### The records
====
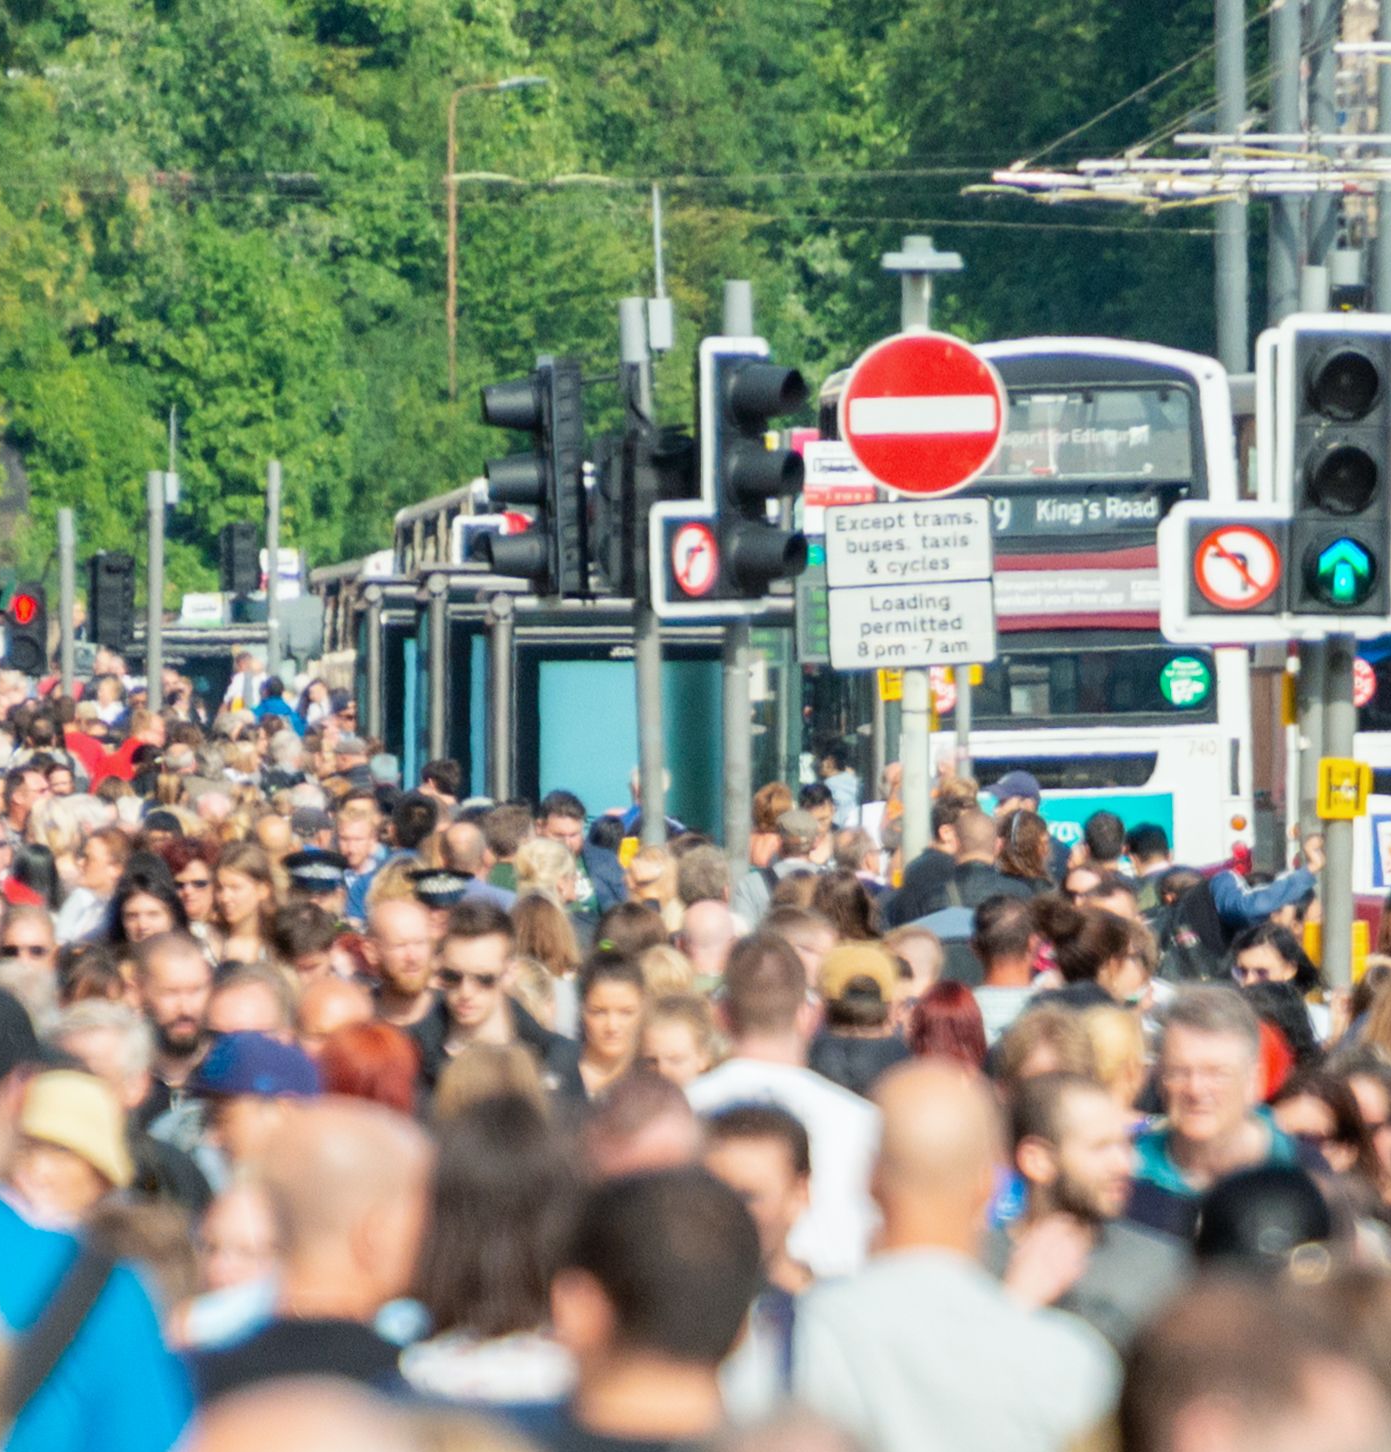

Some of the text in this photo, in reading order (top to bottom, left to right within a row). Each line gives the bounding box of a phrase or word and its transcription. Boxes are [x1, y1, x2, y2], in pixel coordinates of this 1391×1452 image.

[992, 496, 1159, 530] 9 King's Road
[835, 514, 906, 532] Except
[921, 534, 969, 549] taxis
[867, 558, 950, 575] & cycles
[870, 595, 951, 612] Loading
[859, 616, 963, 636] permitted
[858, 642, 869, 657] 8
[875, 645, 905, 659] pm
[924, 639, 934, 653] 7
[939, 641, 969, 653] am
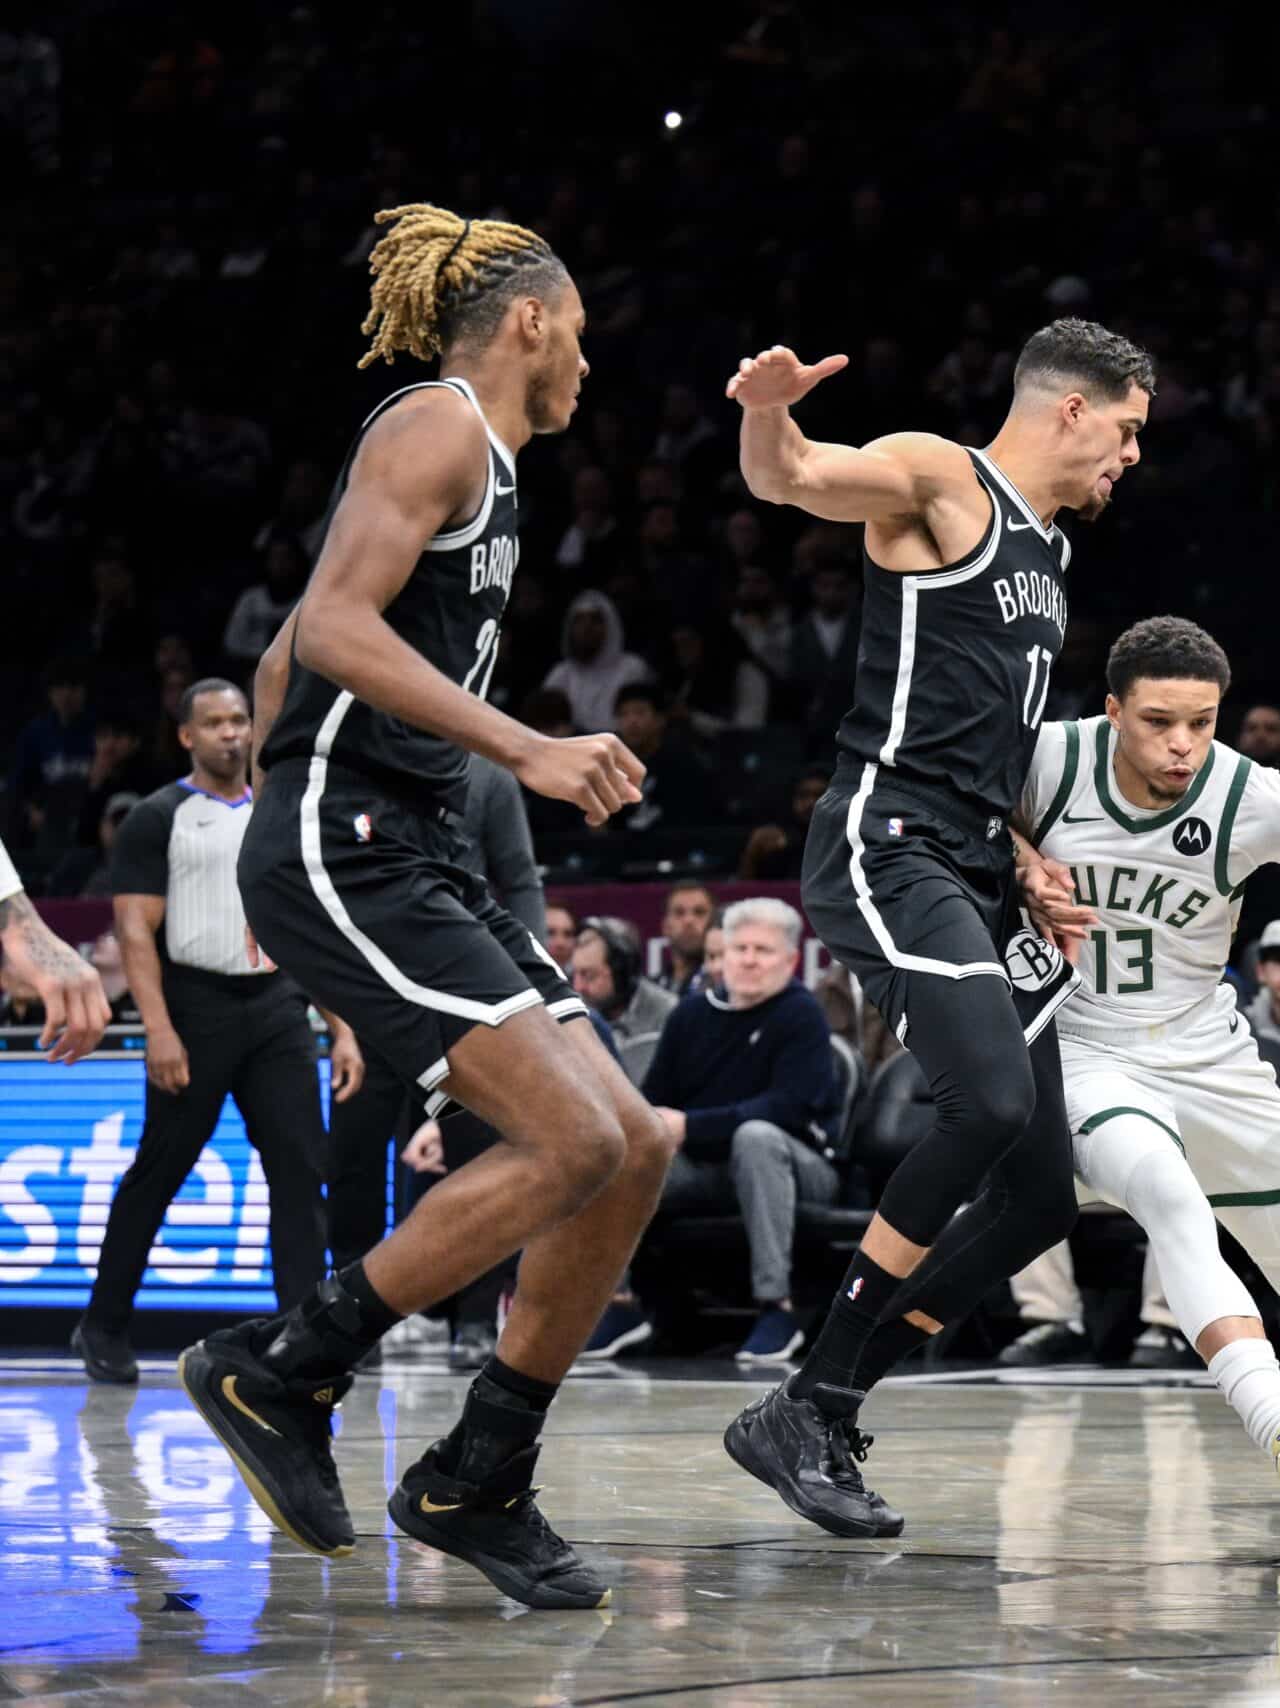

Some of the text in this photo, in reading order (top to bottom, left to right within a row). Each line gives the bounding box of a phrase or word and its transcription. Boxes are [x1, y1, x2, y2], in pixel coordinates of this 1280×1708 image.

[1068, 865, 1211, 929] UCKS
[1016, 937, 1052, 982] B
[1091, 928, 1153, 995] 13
====
Would you write out the data exactly, with no pictures in the copy?

### Answer for this exercise
Some of the text in this photo, in reading order (top to bottom, left to right within a row). Each line gives the bounding box of a phrase or word and its transcription. Boxes are [x1, y1, x2, y2], in pixel coordinates of this 1391×1452 image.

[992, 496, 1159, 530] 9 King's Road
[835, 514, 906, 532] Except
[921, 534, 969, 549] taxis
[867, 558, 950, 575] & cycles
[870, 595, 951, 612] Loading
[859, 616, 963, 636] permitted
[858, 642, 869, 657] 8
[875, 645, 905, 659] pm
[924, 639, 934, 653] 7
[939, 641, 969, 653] am

Some of the text in this photo, in reading order (top to bottom, left to right within a row). Each line gives the bounding box of a phrase or word and its transcription. Boxes are [x1, y1, x2, y2], in pixel coordinates of this 1280×1708 image.

[1068, 865, 1211, 929] UCKS
[1016, 937, 1052, 982] B
[1091, 928, 1153, 995] 13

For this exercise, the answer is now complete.